Closed TiagoAMarques closed 6 months ago
I see in the webpage
https://michael-franke.github.io/Bayesian-Regression/practice-sheets/01b-regression-BRMS.html
this: Family: gaussian Links: mu = identity; sigma = identity Formula: AUC ~ MAD Data: dolphin_agg (Number of observations: 108) Draws: 4 chains, each with iter = 2000; warmup = 1000; thin = 1; total post-warmup draws = 4000
Population-Level Effects: Estimate Est.Error l-95% CI u-95% CI Rhat Bulk_ESS Tail_ESS Intercept 486.29 1818.46 -3046.98 4015.71 1.00 3541 2605 MAD 455.14 16.52 421.67 487.48 1.00 3843 2425
Family Specific Parameters: Estimate Est.Error l-95% CI u-95% CI Rhat Bulk_ESS Tail_ESS sigma 17189.13 1194.50 15016.38 19715.44 1.00 3734 2765
Draws were sampled using sampling(NUTS). For each parameter, Bulk_ESS and Tail_ESS are effective sample size measures, and Rhat is the potential scale reduction factor on split chains (at convergence, Rhat = 1).
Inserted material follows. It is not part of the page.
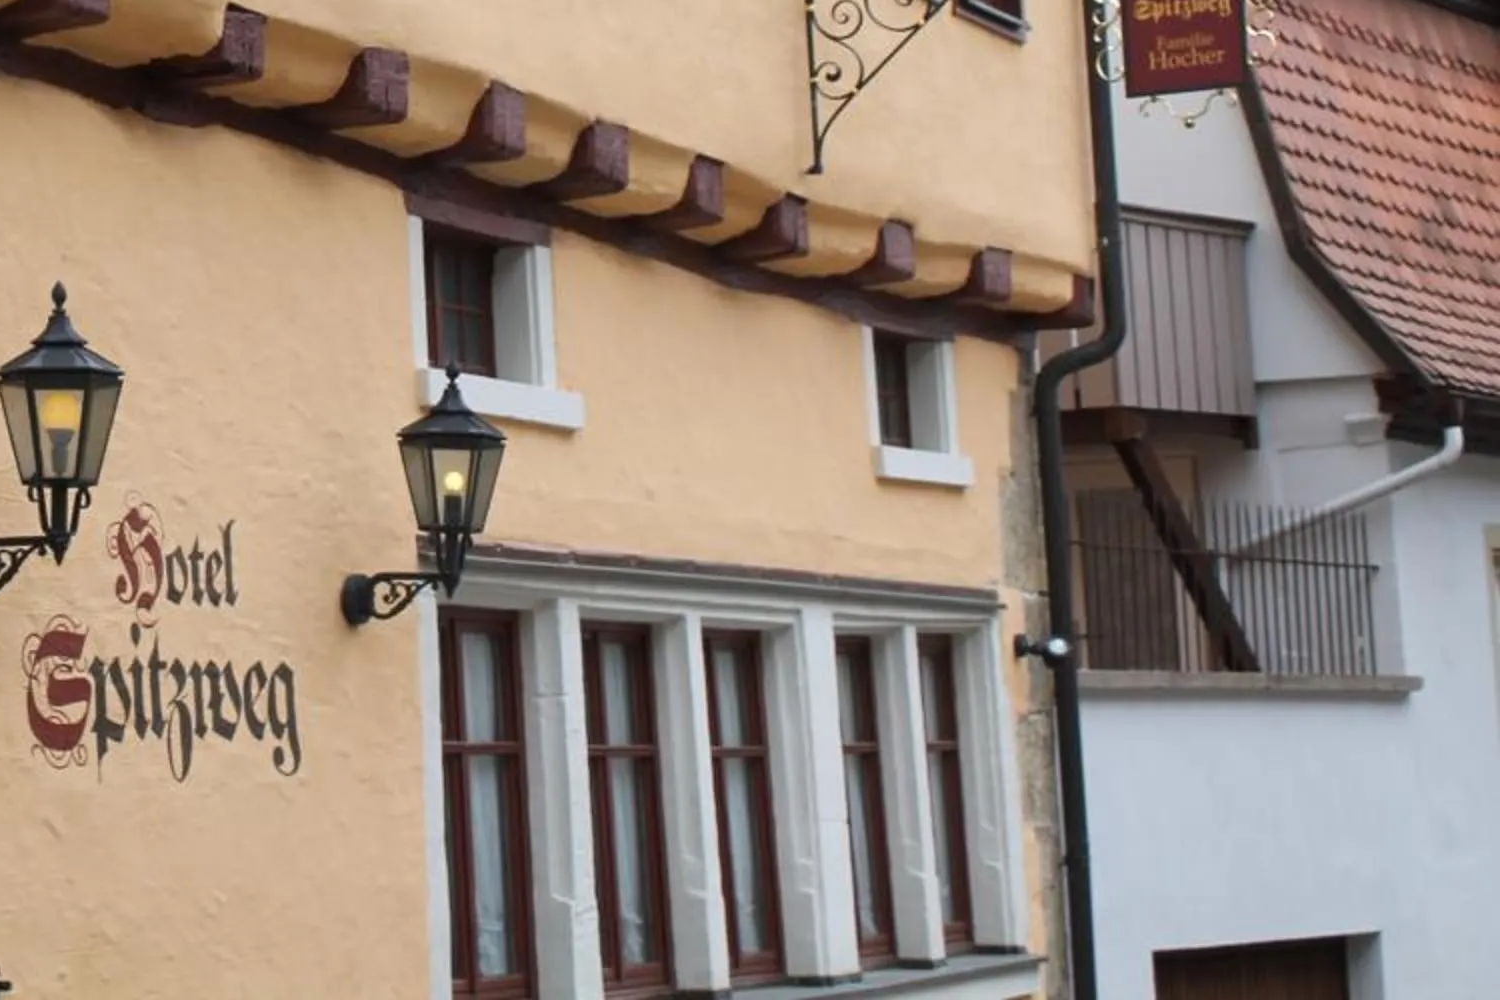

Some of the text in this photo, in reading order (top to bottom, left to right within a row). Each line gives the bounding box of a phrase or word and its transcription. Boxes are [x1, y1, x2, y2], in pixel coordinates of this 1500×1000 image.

while I get this: Family: gaussian Links: mu = identity; sigma = identity Formula: AUC ~ MAD Data: dolphin_agg (Number of observations: 108) Draws: 4 chains, each with iter = 2000; warmup = 1000; thin = 1; total post-warmup draws = 4000
Regression Coefficients: Estimate Est.Error l-95% CI u-95% CI Rhat Bulk_ESS Tail_ESS Intercept -0.00 0.03 -0.07 0.07 1.00 3851 3015 MAD 0.94 0.03 0.87 1.00 1.00 4012 2632
Further Distributional Parameters: Estimate Est.Error l-95% CI u-95% CI Rhat Bulk_ESS Tail_ESS sigma 0.35 0.03 0.30 0.40 1.00 4127 3095
Draws were sampled using sampling(NUTS). For each parameter, Bulk_ESS and Tail_ESS are effective sample size measures, and Rhat is the potential scale reduction factor on split chains (at convergence, Rhat = 1).
I must apologise as I have never used brms, this was my first try, so I might be missing something rather obvious. But even the fact that the names on the output are different (e.g. Population-Level Effects: vs Regression Coefficients:) makes me wonder if I have done something wrong. On the other hand, the plotted data looks just like yours, and it's in the units, so my paramter values are certainly more sensible that yours, currently in the hundreds.
any way, hope this is helpful.
Glad to hear you find this useful and thanks for pointing this out! This is a mistake from caching previous results, where the regression was run for non-standardized values. I've recompiled the sheet and pushed an update. You should now see numbers (maybe after refreshing the page in the browser) that make sense.
Sorry for the confusion!
Thanks Michael. Assumed it was something along those lines. Great stuff.
but note something else still requires updating. The sentence "The model output suggests that the posterior mean of the Intercept is around 500. The coefficient for MAD is estimated to be about 450." still refers to some other model.
I was browsing your webpage - amazing content, by the way, great stuff, thanks so much for such useful free resources - an noted that the estimates for the regression line parameters do not add up to the data, but not sure why that is going on. I run the code on my machine and I get sensible values, 0 for the intercept and ~0.94 for the slope, but in the webpage those values are in the hundreds?